THE CHURCH of England recognises “the escalating threat to God’s creation from global warming” and is to step up its efforts to combat climate change.
The Church’s governing body, the General Synod, voted in favour of a motion on Friday which called for dioceses to focus on reducing their environmental impact.
The Synod voted overwhelmingly for the motion, with 279 supporting it, three opposing and four abstaining.
The Bishop of Truro, Philip Mounstephen, introduced the motion, saying: “Climate change cannot be a matter of indifference for any of us and we cannot underestimate the seriousness of this.
“Behind this motion is a fundamental desire to see us, as a church, recover our prophetic edge. For that to happen I believe we need prophetic people to stir us up.”
Enid Barron of the Diocese of London, who moved the motion, told the Synod: “The church can be a very effective ambassador for climate change.”
The Bishop of Truro went on to praise the recent climate protests of schoolchildren, who he said had been “chided” by politicians and “patronised” by political commentators.

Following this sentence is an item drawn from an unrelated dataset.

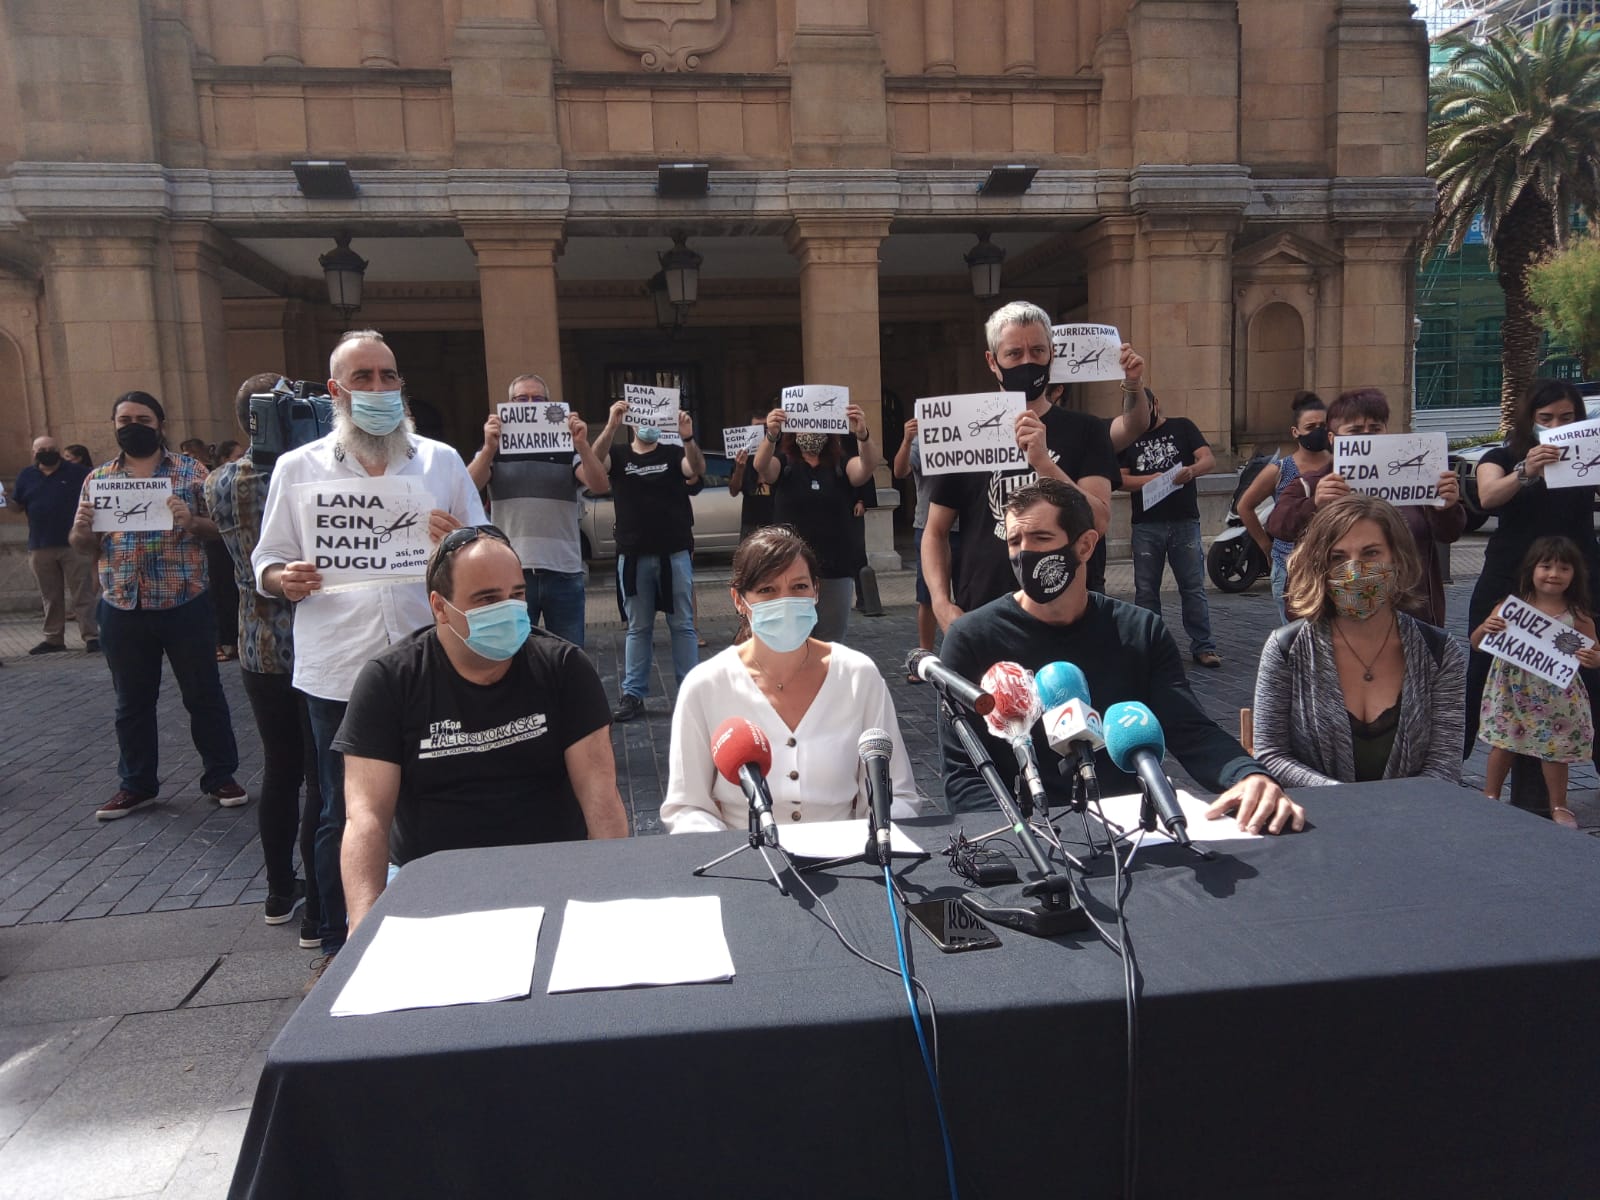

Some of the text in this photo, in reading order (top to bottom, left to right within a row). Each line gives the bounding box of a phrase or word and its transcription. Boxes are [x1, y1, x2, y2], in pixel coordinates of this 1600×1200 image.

He added: “I do not want to chide them or patronise them. I want to say that I am 100 per cent with them.”
The move includes a commitment for every diocese to have an environmental programme which is led by a member of the bishop’s staff.
The possibility of a standard tool to monitor CO2 emissions in churches, cathedrals and church halls will also be explored in order for the church to help meet its target of reducing emissions by 80 per cent by 2050.
Despite receiving overwhelming support, Prudence Daley of the Diocese of Oxford criticised the motion, saying any efforts of the church would be “the tiniest, tiniest drop in the ocean” and no resources should be wasted on the endeavour.
She told the assembly at Church House in central London: “If we all do a little, together we will do a little.”
Ms Daley added: “I just think we should not kid ourselves that the local church can do anything whatsoever about climate change.
“I think we just need to face up to reality and accept that this is not something we can do.”
However Ms Barron dismissed the criticism, saying: “As Christians would we be here today if a handful of disciples who witnessed the resurrection had thought ‘we can’t make a difference’?”
The resolution by the Church of England comes after a recent report by the Intergovernmental Panel on Climate Change warned that there were only 12 years left to limit climate change by keeping global warming to a maximum of 1.5 degrees.
Another study, published earlier this month by The Climate Coalition, claimed that increasingly frequent extreme and unpredictable weather was putting the future supply of British fruit and vegetables at risk.
Across England, the prolonged drought-like conditions experienced last summer caused potato yields to plummet by a fifth overall.
Yields of carrots were also down, by up to 30 per cent, and onions by 40 per cent.
ACTION REQUIRES SOUL SEARCHING
the problem of climate change has been recognised by the Church of England for several years.
Speaking to the General Synod in 2015, the Archbishop of York, Dr John Sentamu, said the problem of climate change is “a problem of arrogance and greed” which made the dialogue difficult for the “soul searching questions it forces us to confront about ourselves and our pursuits of wealth”.
School pupils walked out of lessons last week to protest against climate change, action which was criticised by Prime Minister Theresa May.
Environment Secretary Michael Gove agreed to meet with some of the pupils, saying he recognises his generation “has a lot more to do”.